La storia dell’insediamento americano può essere rozzamente divisa in tre periodi. Il primo è l’era pre-ferroviaria, che va dai tempi coloniali a circa la metà del diciannovesimo secolo. Durante questo periodo l’insediamento era confinato, per la maggior parte, nelle aree accessibili dalle vie di navigazione; vale a dire, la costa Atlantica e il sistema fluviale principale a est del Mississippi. Fino al 1850 più del 90 per cento della popolazione degli Stati Uniti abitava a est del fiume Mississippi, e la gran parte di questa a est degli Alleghenies. Durante questa “epoca dei fiumi”, l’insediamento aveva carattere segmentato; le varie unità, determinate dalle condizioni geografiche, avevano scarse relazioni economiche o sociali l’una con l’altra. Era un insediamento di carattere principalmente rurale; quasi quattro quinti dei 23.000.000 di abitanti degli Stati Uniti del 1850 abitavano in territori rurali o in centri con meno di 8.000 persone.

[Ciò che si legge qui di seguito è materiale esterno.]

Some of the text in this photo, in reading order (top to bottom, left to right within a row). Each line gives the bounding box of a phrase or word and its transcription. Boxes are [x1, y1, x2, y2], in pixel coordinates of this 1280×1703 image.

Il secondo periodo di sviluppo insediativo inizia verso il 1850, con l’espansione della ferrovia. A cominciare dalla parte orientale del paese, la costruzione delle ferrovie si espande verso ovest, dapprima verso i centri fluviali già consolidati e, più tardi, verso la nuova frontiera oltre il Mississippi. Al 1870 esiste un collegamento ferroviario con la Costa del Pacifico, e nel 1900 erano state stese tutte le linee principali della rete attuale.

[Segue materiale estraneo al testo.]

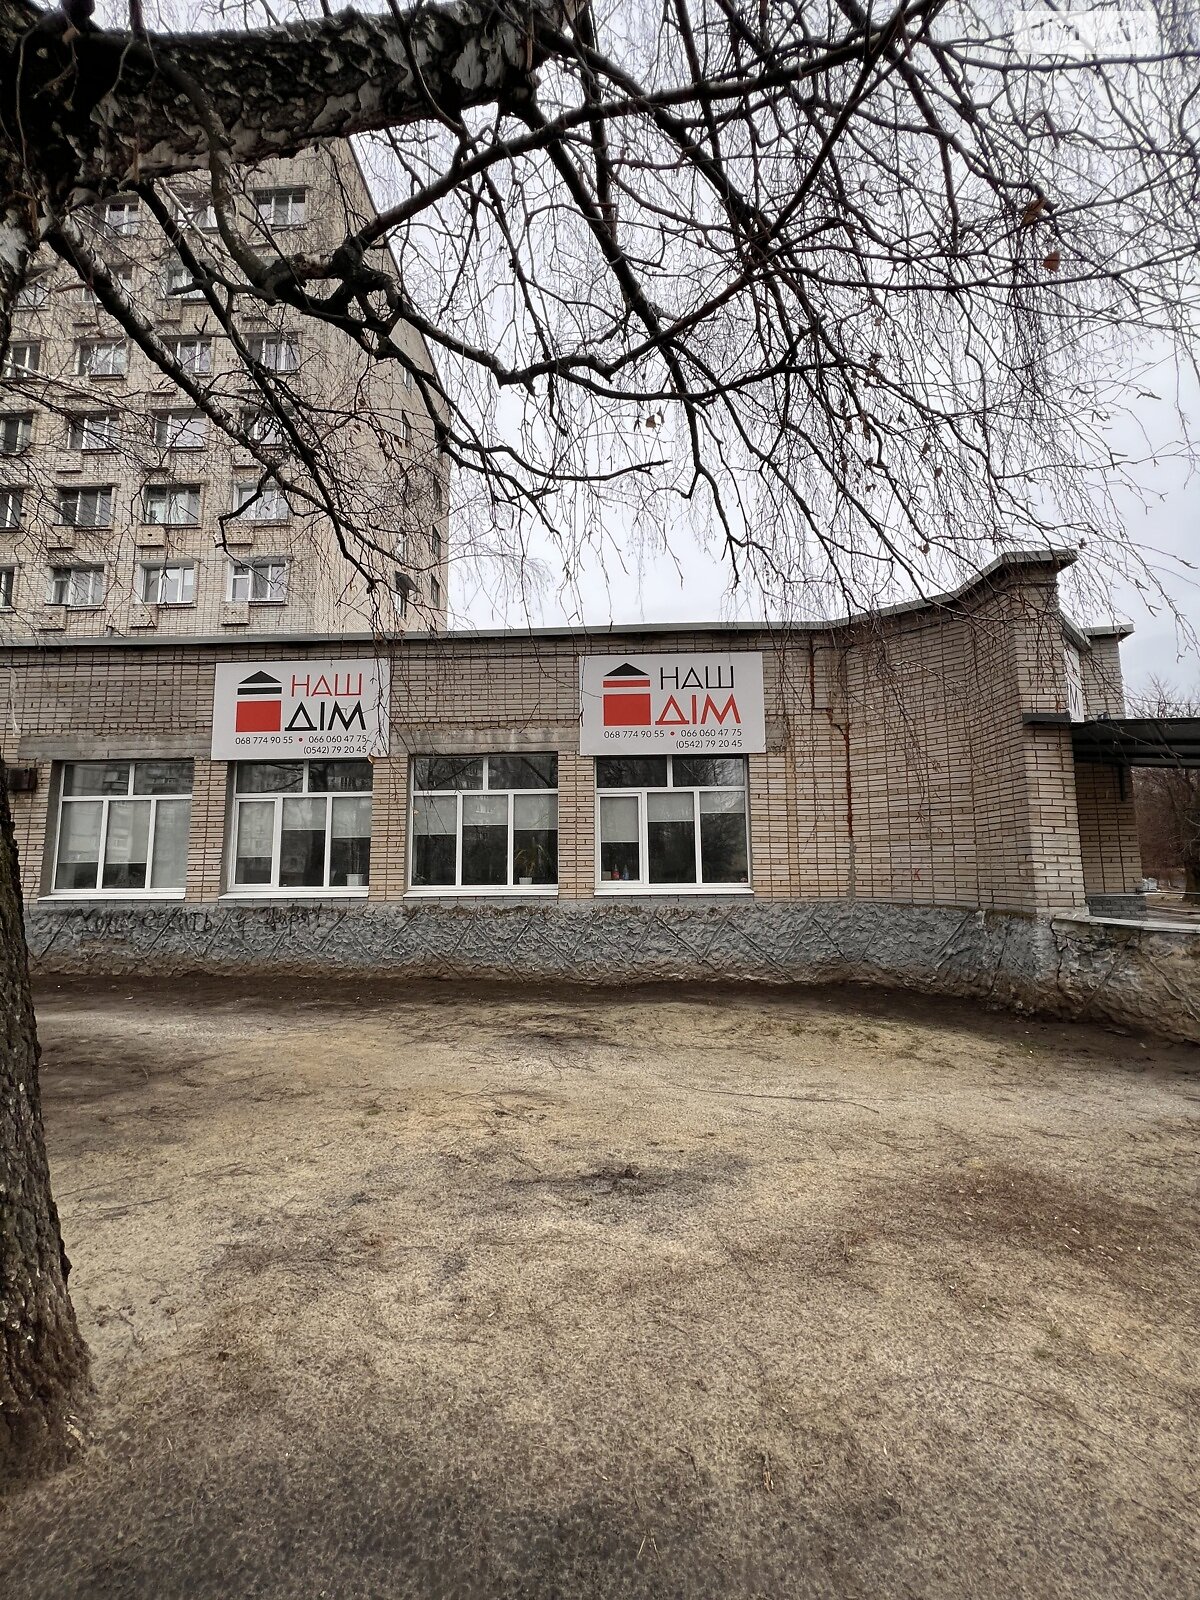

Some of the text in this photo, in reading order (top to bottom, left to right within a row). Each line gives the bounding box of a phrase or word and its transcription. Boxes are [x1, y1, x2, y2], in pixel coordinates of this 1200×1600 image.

Non vale la pena di ripetere qui la storia dello sviluppo insediativo durante questa era ferroviaria. Alcuni aspetti, comunque, devono essere richiamati all’attenzione. Liberato dal dominio delle vie d’acqua, l’insediamento si espande sotto l’influenza del trasporto ferroviario, a ovest attraverso il continente. Il flusso è diretto e controllato dalle opportunità offerte in termini di terreno coltivabile e altre risorse naturali. Nel periodo di 30 anni dal 1870 al 1900 più di 200 milioni di ettari si aggiungono alla superficie coltivata degli Stati Uniti: un’estensione di territorio, come ha stimato E.L. Bogart, uguale all’area di Gran Bretagna e Europa continentale tranne la Spagna.

Questa corsa verso nuove zone di opportunità agricole perde di slancio poco dopo l’inizio del nuovo secolo. Già nel 1890 il Sovrintendente al Censimento annunciava significativamente che la frontiera era scomparsa, intendendo che la popolazione si fosse distribuita su tutto il territorio, ad una densità minima di 0,8 abitanti per chilometro quadrato. In un’analisi della crescita demografica negli Stati Uniti nel decennio dal 1910 al 1920 W.S. Rossiter sottolinea l’allentarsi di questo movimento verso ovest.

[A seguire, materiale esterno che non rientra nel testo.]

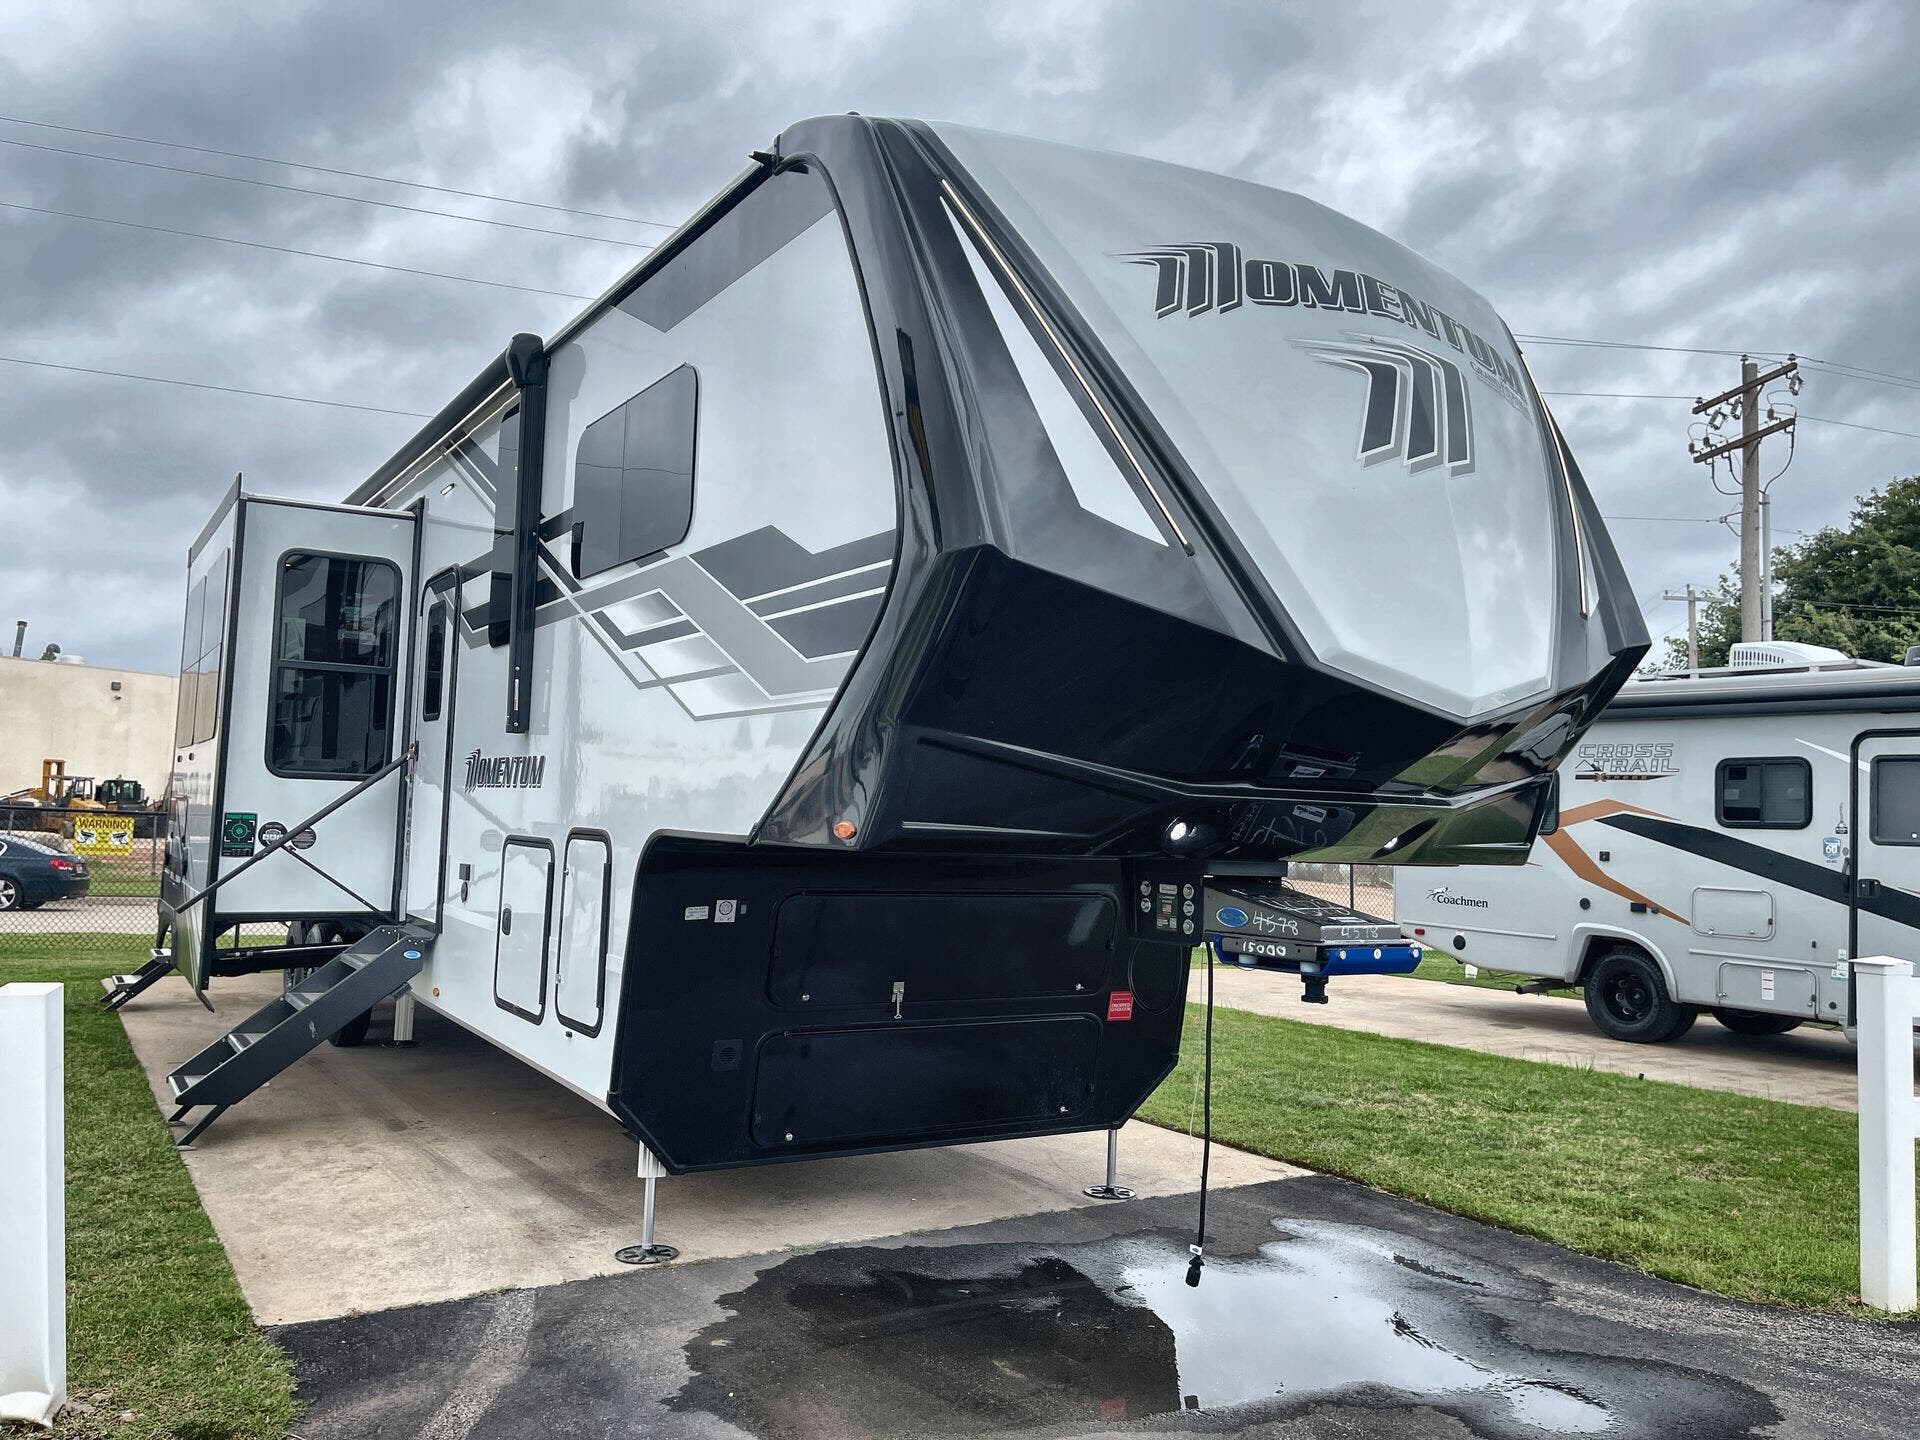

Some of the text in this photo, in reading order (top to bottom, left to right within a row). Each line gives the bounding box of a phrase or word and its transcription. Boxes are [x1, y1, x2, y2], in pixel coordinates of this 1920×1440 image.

[1578, 743, 1674, 758] CROSS
[464, 748, 546, 793] MOMENTUM
[1594, 758, 1680, 773] TRAIL
[79, 817, 131, 830] WARNING!
[1436, 894, 1489, 909] Coachmen
[1252, 910, 1299, 936] 4578
[1340, 926, 1379, 940] 4578
[1241, 941, 1287, 957] 15000

Fino al 1900 il flusso di popolazione era principalmente verso occidente. Da quel censimento, appare come la corrente si sia ridotta, e i mutamenti demografici dipendano di più da sviluppi isolati in varie sezioni del paese, come quelle ad agricoltura irrigua, le campagne dell’Oklahoma, i frutteti del lontano Nord-Ovest, le scoperte di giacimenti minerari e petroliferi nel Sud-Ovest ... Le fluttuazioni e correnti demografiche tendono sempre più a seguire mutamenti nello sviluppo industriale. Questo porta naturalmente ad un incremento accelerato della popolazione urbana.

Sin dall’inizio del movimento vero ovest, anche prima ma in particolare durante il periodo di espansione ferroviaria, la crescita urbana era in gran parte figlia e ancella dell’insediamento rurale; seguiva anziché orientare la diffusione demografica. Sorgevano città-nodo nei punti di ingresso alle varie regioni produttive, che fungevano da centri di raccolta per l’insediamento circostante, e punti di distribuzione dei manufatti importati dall’esterno del territorio. Questi centri di ingresso mantenevano il contatto con il territorio tributario attraverso un gerarchia comunitaria di villaggi, cittadine e città distribuite sulla base del trasporto ferroviario. Così si formò lo schema base dell’insediamento moderno americano. Ben 42 delle 93 città con più di 100.000 abitanti al 1930 sono costituite in municipi sin dal 1850; vale a dire, dall’inizio dello sviluppo ferroviario, e cinque iniziano la propria carriera istituzionale nel 1890.

Verso la fine del diciannovesimo secolo la città comincia a giocare un nuovo ruolo nell’evoluzione dell’insediamento negli Stati Uniti. Con l’ascesa dell’industria, popolazione e ricchezza diventano sempre più concentrate nelle grandi città. La domanda urbana di materie prime per industrie in crescita, e di tipi specializzati di prodotti agricoli per la popolazione in crescita, determinano sempre più i modi dell’insediamento rurale. Continuano a formarsi nuove frontiere, ma principalmente in aree in cui si possono ottenere prodotti destinati al mercato interno urbano. D’altro canto, molte delle più antiche aree rurali iniziano a recedere a causa delle forze economiche originate dai centri metropolitani. Con la crescita di popolazione e ricchezza in tutto il paese, la città acquisisce ambiti crescenti di funzioni economiche e sociali, che svolge non solo per i suoi abitanti, ma anche per il territorio rurale. Parallelamente incrementa il proprio dominio economico e culturale.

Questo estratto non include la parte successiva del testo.